» **Your task**:
Repeat the entries exactly, and do not carry the pictures over.

|---|

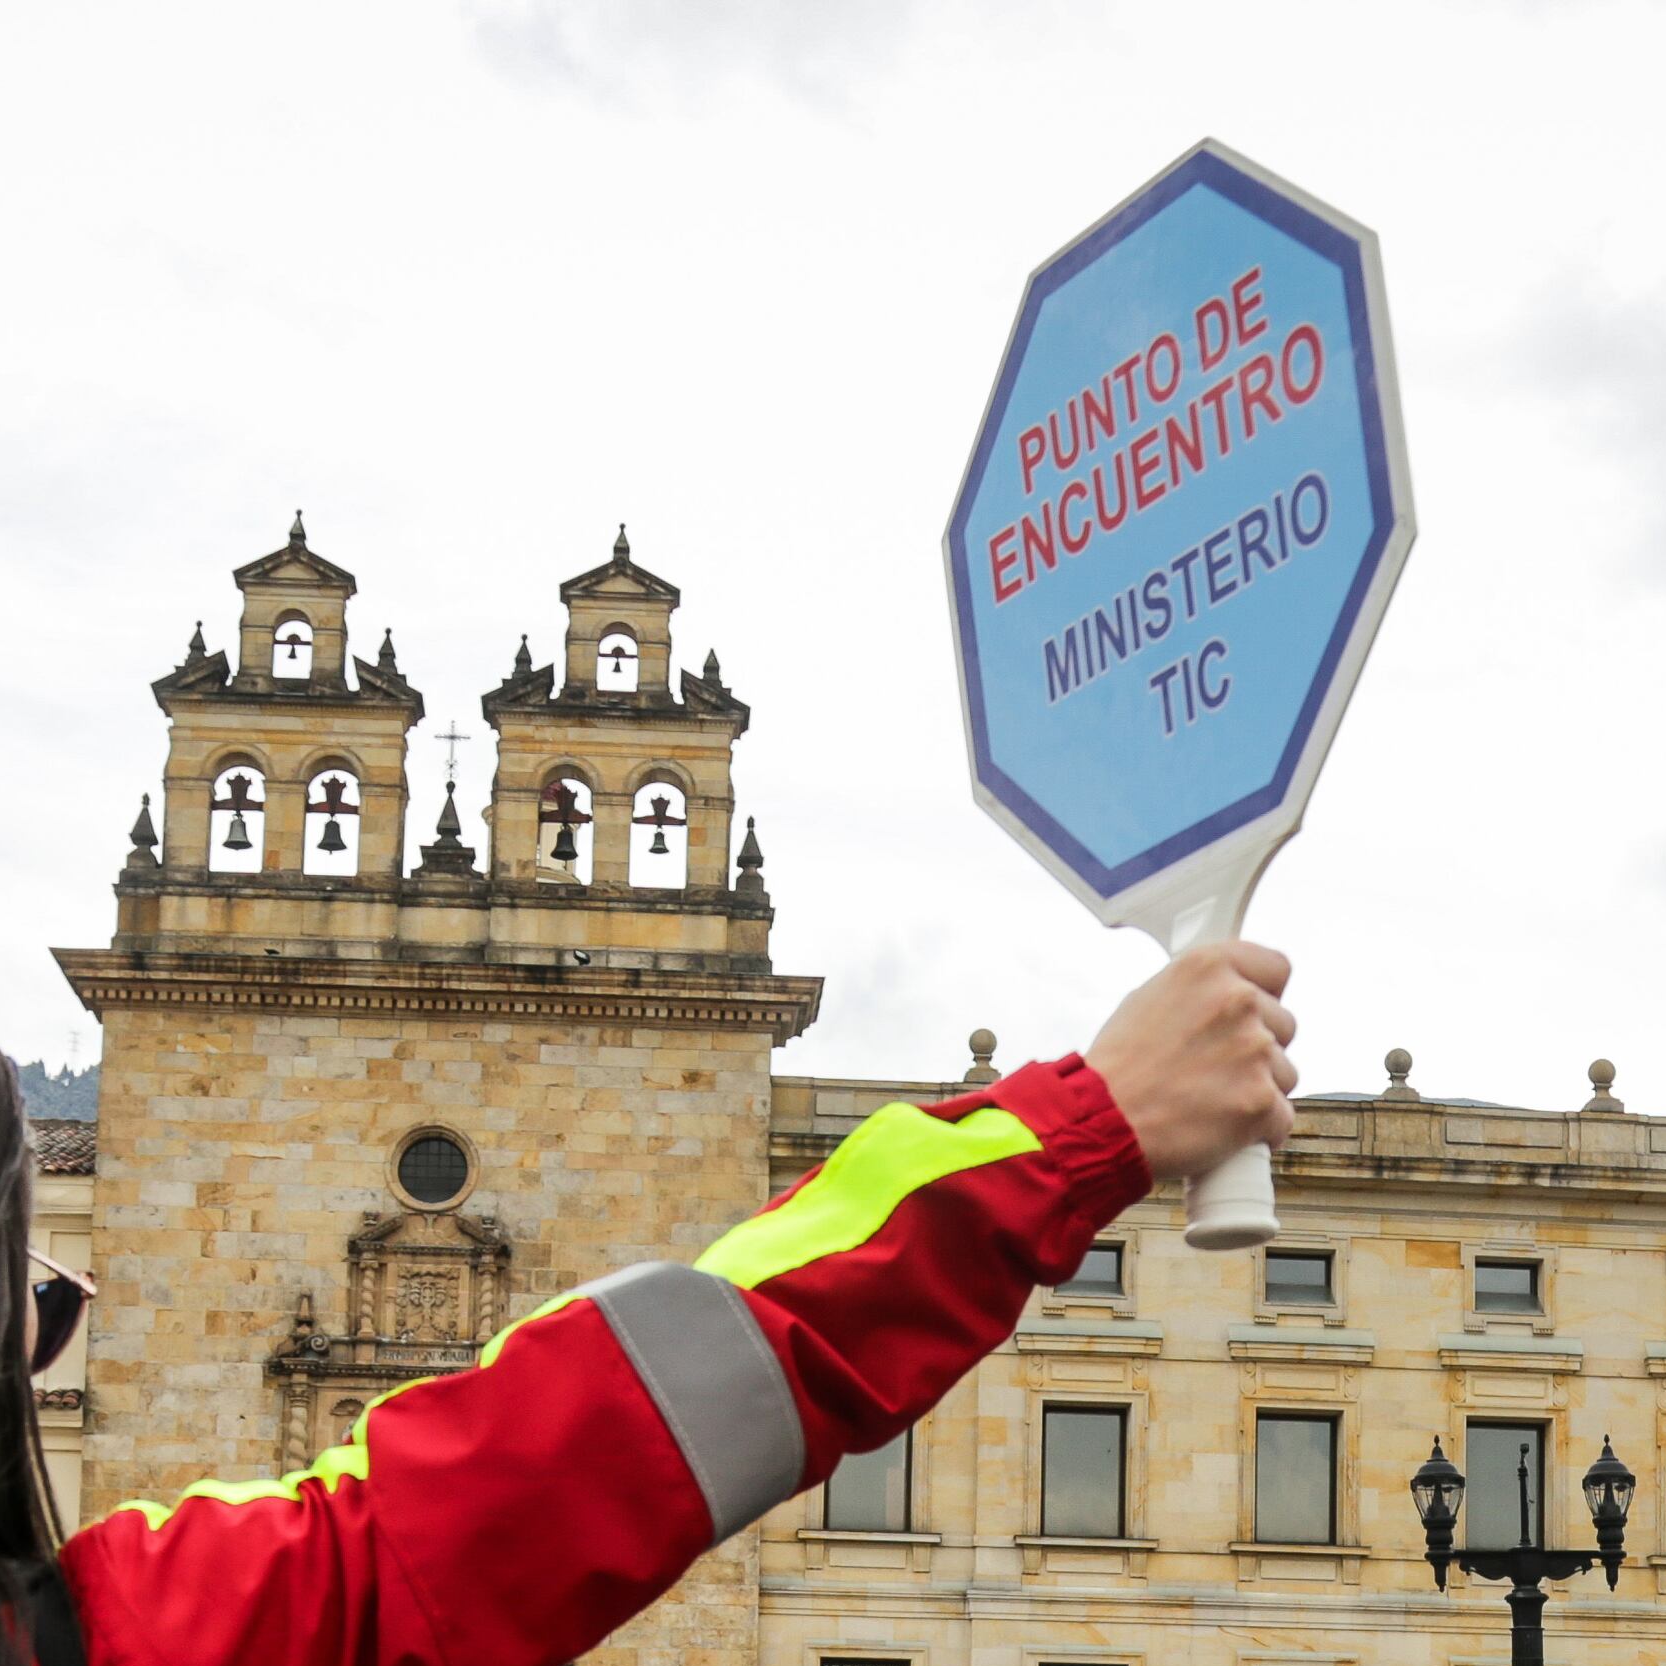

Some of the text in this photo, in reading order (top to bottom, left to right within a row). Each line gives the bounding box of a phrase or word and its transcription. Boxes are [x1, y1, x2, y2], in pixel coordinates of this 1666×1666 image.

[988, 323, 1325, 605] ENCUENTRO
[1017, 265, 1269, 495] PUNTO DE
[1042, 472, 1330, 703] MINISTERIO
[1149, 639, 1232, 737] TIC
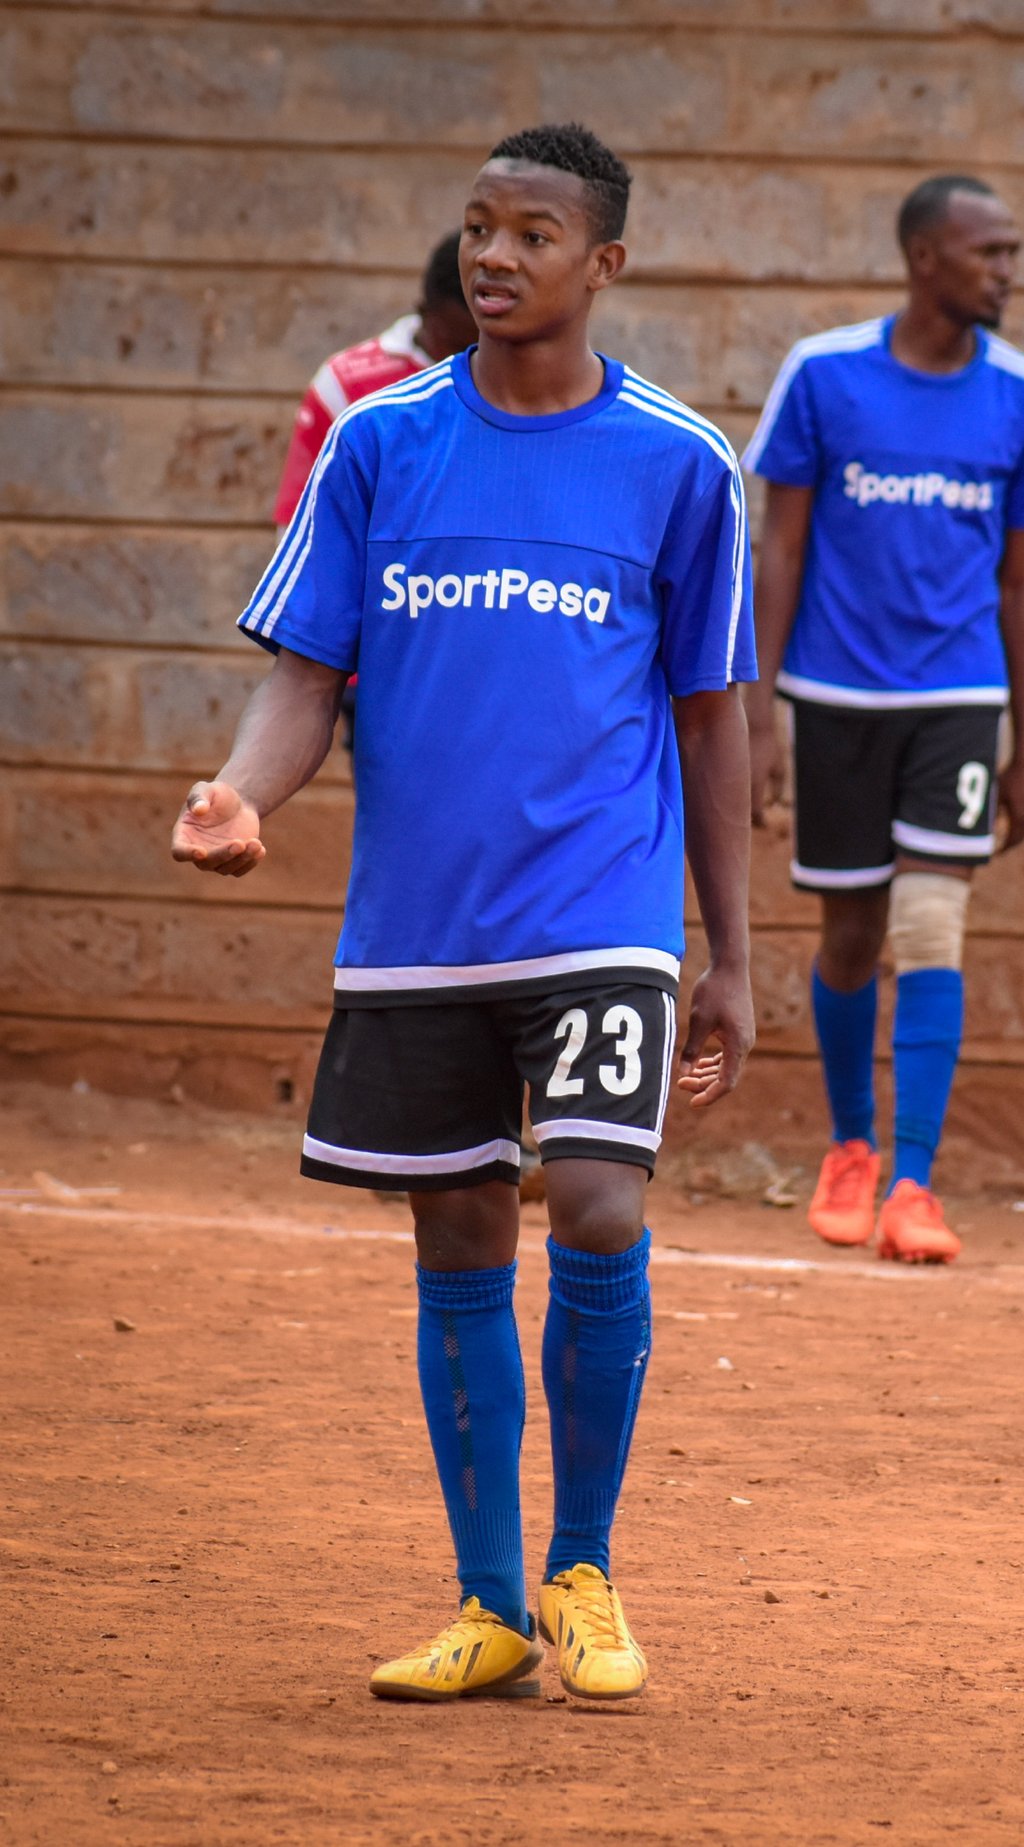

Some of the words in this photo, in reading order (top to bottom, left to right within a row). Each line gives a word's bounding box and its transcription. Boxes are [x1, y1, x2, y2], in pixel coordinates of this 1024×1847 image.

|---|

» **Exercise answer**:
Some of the text in this photo, in reading order (top to bottom, left to right within a row). Each line gives the bounding box of a phrase or word and its transcription. Boxes are [x1, y1, x2, y2], in pixel coordinates of this 1666×1666 image.

[988, 323, 1325, 605] ENCUENTRO
[1017, 265, 1269, 495] PUNTO DE
[1042, 472, 1330, 703] MINISTERIO
[1149, 639, 1232, 737] TIC

Some of the words in this photo, in reading order (top to bottom, left to right within a row). Each line gives a word's bounding box and its transcription. Boxes are [x1, y1, x2, y2], in pixel coordinates of this 1024×1847 image.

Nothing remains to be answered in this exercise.